Las palabras han estado
persiguiéndome. Sobrevuelan mis días como urracas ávidas de dorados tesoros.
He intentado esquivarlas, pero siempre están ahí, a vuelta de la esquina,
mientras conduzco mi coche en el tráfico, sentadas junto a mí, me miran
impávidas, como salidas de una película de David Lynch. Está semana me detuve y
les empecé a preguntar. Le pregunté a las palabras qué más podía hacer yo por
ellas y siguieron sin contestarme. Las palabras se encerraron en su silencio. Tratan
de decirme algo, pero yo no las escucho.
Desde entonces vivo con las palabras.
Inmerso en un diálogo de sordos. En una conversación de incómodos silencios y
fuertes ruidos. Las palabras me dejaron un mensaje la semana pasada escrito en
el rastro del azúcar que nunca le pongo al café, no porque engorde sino porque
me gusta más así, amargo como una canción de Joy Division.
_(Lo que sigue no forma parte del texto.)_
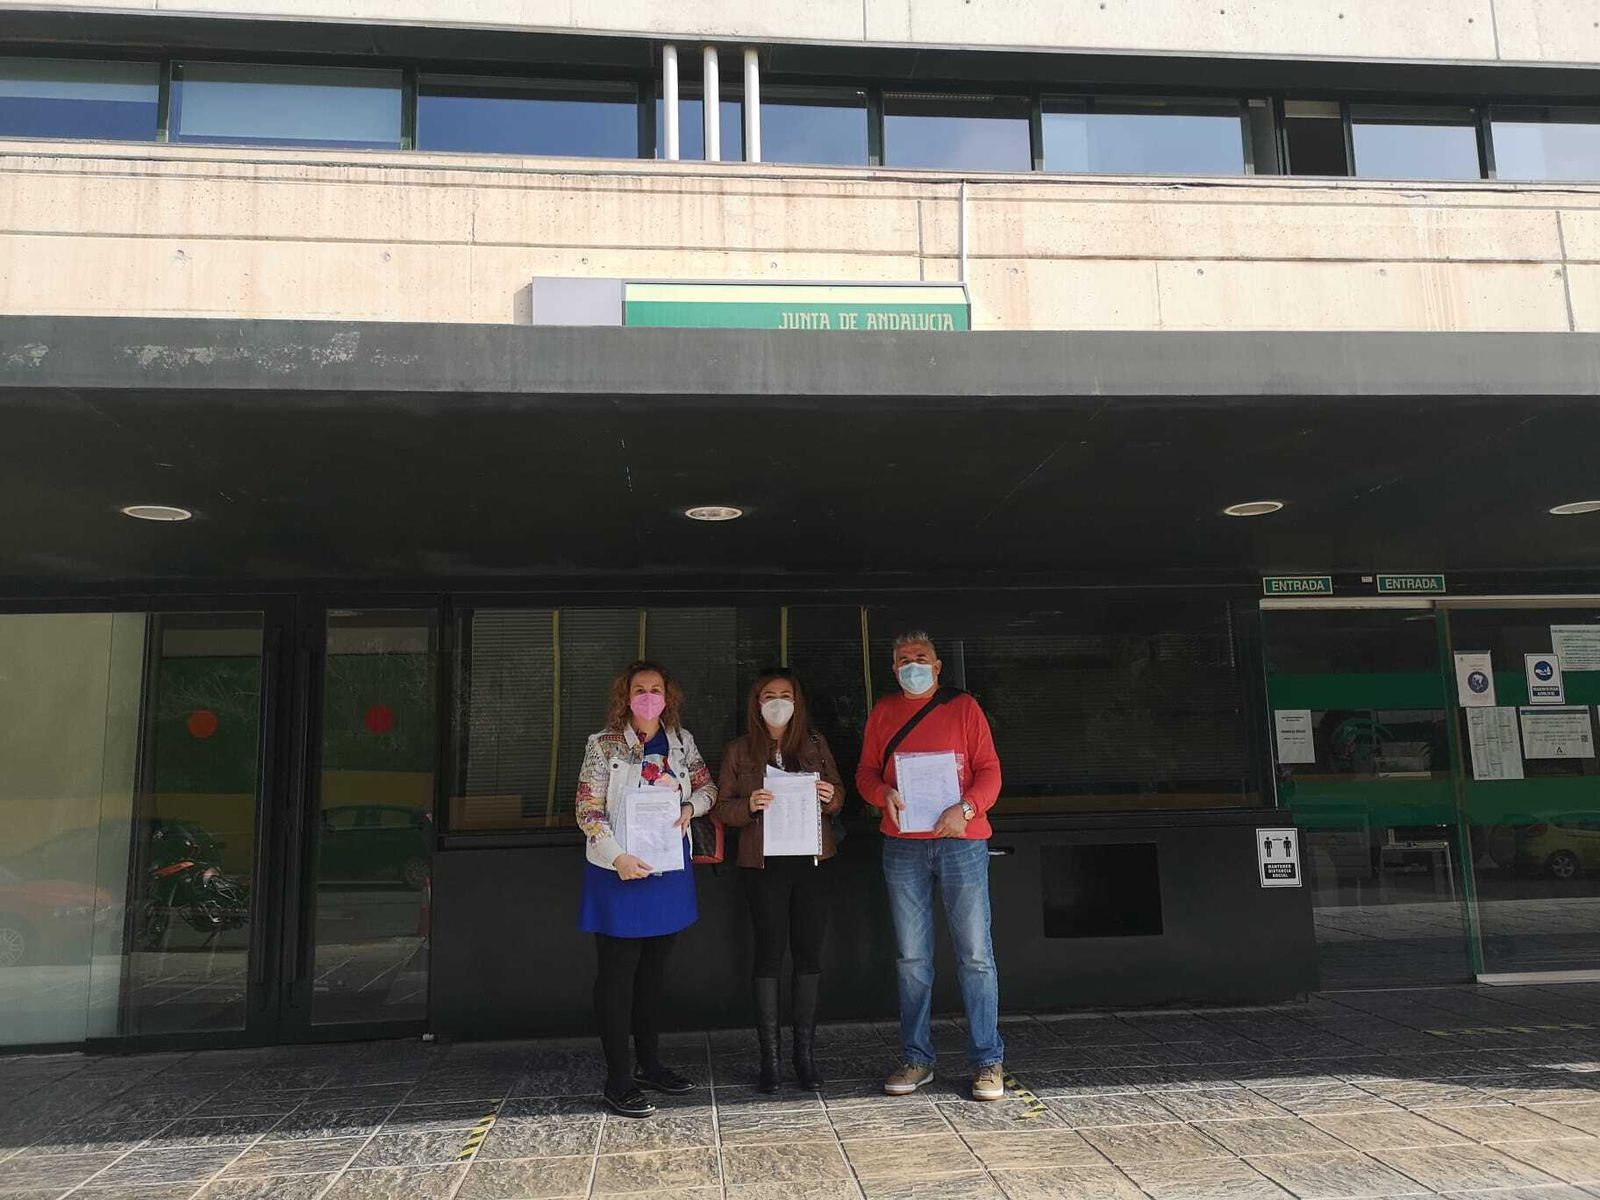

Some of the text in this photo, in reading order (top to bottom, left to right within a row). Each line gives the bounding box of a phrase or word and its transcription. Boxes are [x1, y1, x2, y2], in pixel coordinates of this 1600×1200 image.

Esta semana algunos
amigos me quisieron escribir, pero no pudieron hacerlo porque las palabras estaban en
huelga conmigo, querían que les pagara con este texto.
Hace poco comí con un amigo en el
Nuevo Aguacate y tuvimos que hablar con el lenguaje de los abanicos del Romanticismo.
Esta semana no he encontrado palabras para decir cuánto quiero a los que más
quiero. Mañana tengo junta con el Comité Central del soviet de los adjetivos.
Dicen que ellos por su naturaleza descriptiva suelen entender mejor situaciones
como esta. Quién sabe si la semana que viene que vaya a pasar. Últimamente mis
jefes ya no me aceptan los emails en blanco. Y al final la vida tan llena de
emoticones y emojis termina cayendo en un vacío calórico como el de los
refrescos de Burger King.
No me queda más remedio que
sentarme a escribir este texto. Es la única manera de que pueda preguntarle a
las palabras. Es el único remedio contra la necesidad, la sed de letras y el
hambre de entender qué pasa en el mundo. Para los que seguimos colgados de los
alambres que quedaron de la modernidad siguen existiendo los puentes que nadie
más puede ver. Almenas y dragones, fosos y castillos. Todo un vasto universo de
imaginación que crea la energía con la que se mueven los poemas. Los que
todavía pueden sentir el pulso de Walter Benjamin en su última palabra. Los que
han leído, los hombres libro de Ray Bradbury, el bombero que se negó a
incendiar el último libro. Enfrentados a la fé de las palabras, encadenados a
su dogma, muyahidines del verso libre.
Finalmente, las palabras se sentaron,
se atuvieron a razones, descansaron su pesada carga. Cesó la violencia, las
palabras dejaron de ser puños. Ahora ya puedo decir lo que siento. Ya puedo
expresarme, y aunque nadie ha notado la diferencia ahora escribo mensajes
invisibles en los lóbulos parietales. Todo esto lo escribí sin camisa de
fuerza, tomando café americano, soñando con los grandes amaneceres. Ahora las
palabras y yo estamos en paz.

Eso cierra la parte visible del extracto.